Buddha TV becomes new channel of Dalit communication


By Nikhil M Ghanekar

Right angle Teachings of the Buddha and Ambedkar add context
Right angle Teachings of the Buddha and Ambedkar add context
Photo: Rupesh Lele

DIKSHA BHOOMI in Nagpur, the historic grounds where 5 lakh people converted to Buddhism with Dr Babasaheb Ambedkar in 1956, witnessed another unique event on 26 November 2010. Close to one lakh people oversaw the birth of a 24×7 television channel they could call their own: Lord Buddha TV.

In the clutter of electronic media, Lord Buddha TV claims to be a channel with a ‘religious and social bent’. Conceived in 2007 by a group of eight Ambedkarites, the channel is headquartered in Nagpur with a staff of 60 and is broadcast via established cable networks UCN and BCN in Nagpur, Vidarbha and Amravati in Maharashtra. The channel has just acquired a permit to telecast shows via satellite at a cost of Rs. 8.5 lakh per month and has ambitions to start primary operations in Mumbai, Navi Mumbai and New Delhi by the second week of February.

The channel, with a current viewership of around 2.5 crore, is promoted by entrepreneurs entrenched in the Dalit movement. Local advertising is brought in by promoter Sachin Moon, who has been running Nagpur Varta news channel and an ad agency since 1995.

Pritam Bulkunde, 33, director and content manager of the channel, says, “The mainstream media since the time of Doordarshan does not say much about the majority lower castes in the country. This channel is not only a tool to propagate Buddhism but also a platform for all things progressive and anti-caste. It will be a reflection and transformation of the Ambedkarite movement.”

Accordingly, the programming is a mix of religion (morning shows) and infotainment — a quiz on the Constitution, slots creating awareness about special schemes for Scheduled Castes/Tribes and the Prevention of Atrocities Act, 1989. Maitri Sanvad has interviews of Dalit intellectuals, writers, artists and legal luminaries.

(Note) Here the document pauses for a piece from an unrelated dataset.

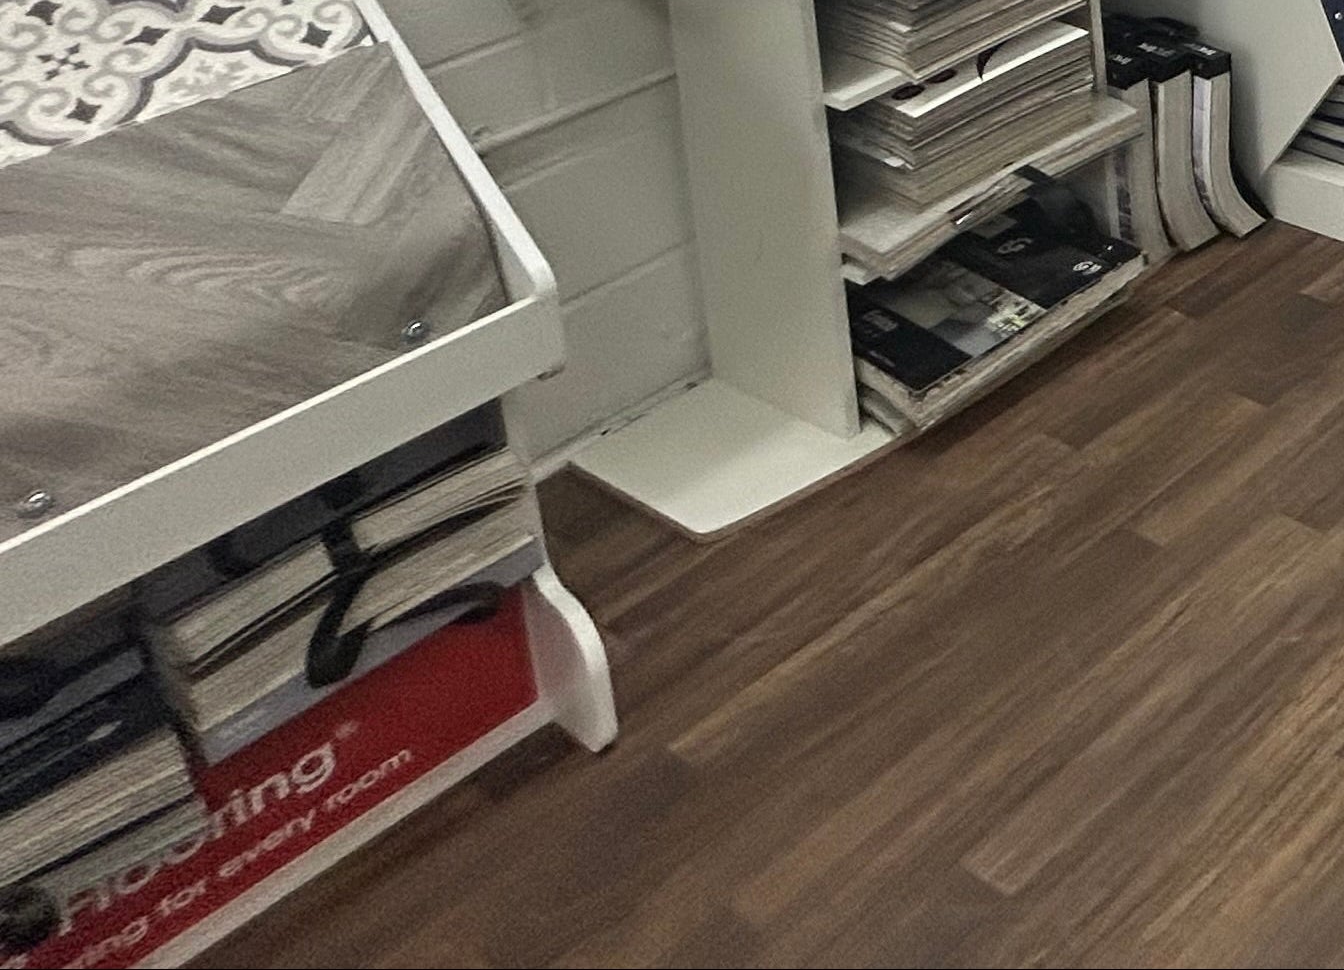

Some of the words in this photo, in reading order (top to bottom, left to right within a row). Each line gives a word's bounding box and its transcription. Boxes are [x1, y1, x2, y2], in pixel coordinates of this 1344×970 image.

[155, 879, 207, 917] for
[218, 808, 317, 879] every
[323, 747, 412, 814] room

Bhaiyyaji Khairkar, 55, promoter and spokesperson, told TEHELKA, “There is a definite difference between our channel and other religious channels like Aastha and Sanskara. These rely heavily on mythology and talk little about the present. We stress on showing people how to cope with changing times.”

Crowded space CMD B Khairkar and promoter Sachin Moon get set to go
Crowded space CMD B Khairkar and promoter Sachin Moon get set to go
Photo: Vijay Pandey

On being asked whether the channel will cater to only the Dalit community, he says, “Every society has a section of people who accept change and are liberal. We want to involve them too in debate and discussion. The core team is connected to a huge network of luminaries from the world of literature, journalists, poets and artists. We will definitely engage them in improving the content of the channel.”

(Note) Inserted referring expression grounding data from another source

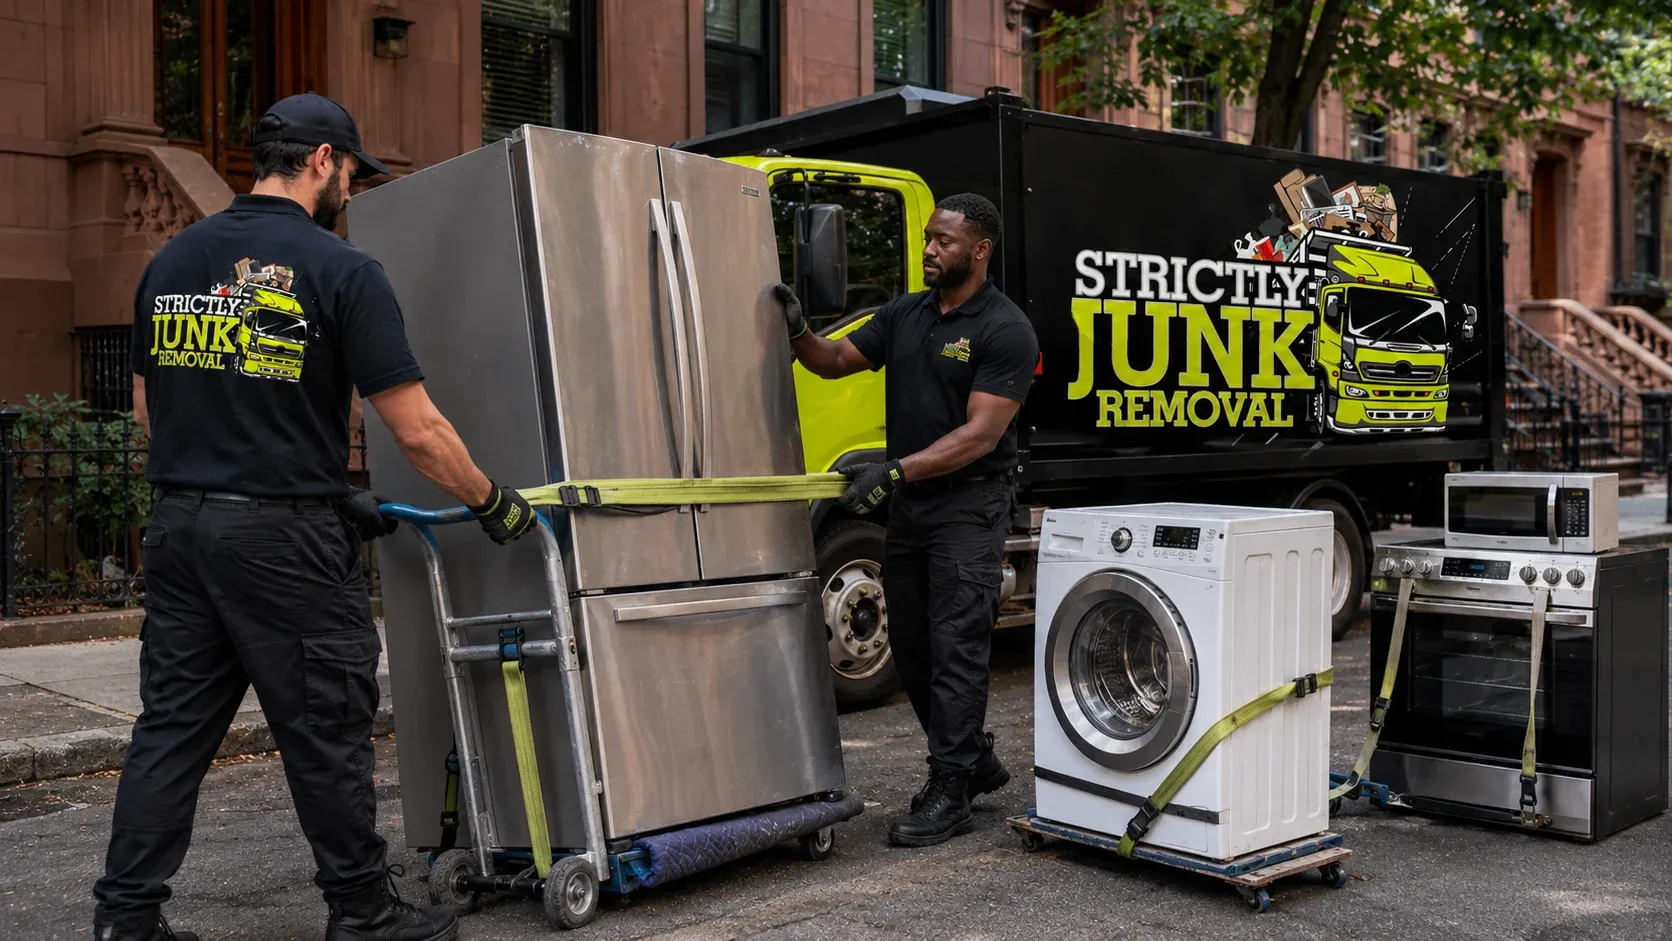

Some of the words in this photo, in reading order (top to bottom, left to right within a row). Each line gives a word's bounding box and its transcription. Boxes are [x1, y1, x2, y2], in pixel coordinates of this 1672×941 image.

[1075, 249, 1309, 308] STRICTLY
[154, 295, 241, 315] STRICTLY
[151, 314, 240, 355] JUNK
[1068, 298, 1315, 400] JUNK
[158, 351, 225, 370] REMOVAL
[1096, 391, 1293, 427] REMOVAL

So far, the response has been encouraging. Content head Aman Kamble points out, “Cable operators are flooded with calls to telecast the channel in pockets of Nagpur.” Arjun Dangle, author of Poisoned Bread and No Entry for the New Sun, says, “The issues and questions of the Bahujan must come into the mainstream. Youth needs guidance on questions of education and career, of land acquisition and SEZs. The channel should have a comprehensive outlook. It is important to have a focused target audience and impress them early on — otherwise they will get bored.”

Lord Buddha TV is not affiliated to a political party nor does it associate openly with any faction of the Ambedkarite movement, its promoters say. The success of the channel hinges largely, as Dangle says, on “its ability to connect with the youth, focus on its target audience and avoidance of political posturing”.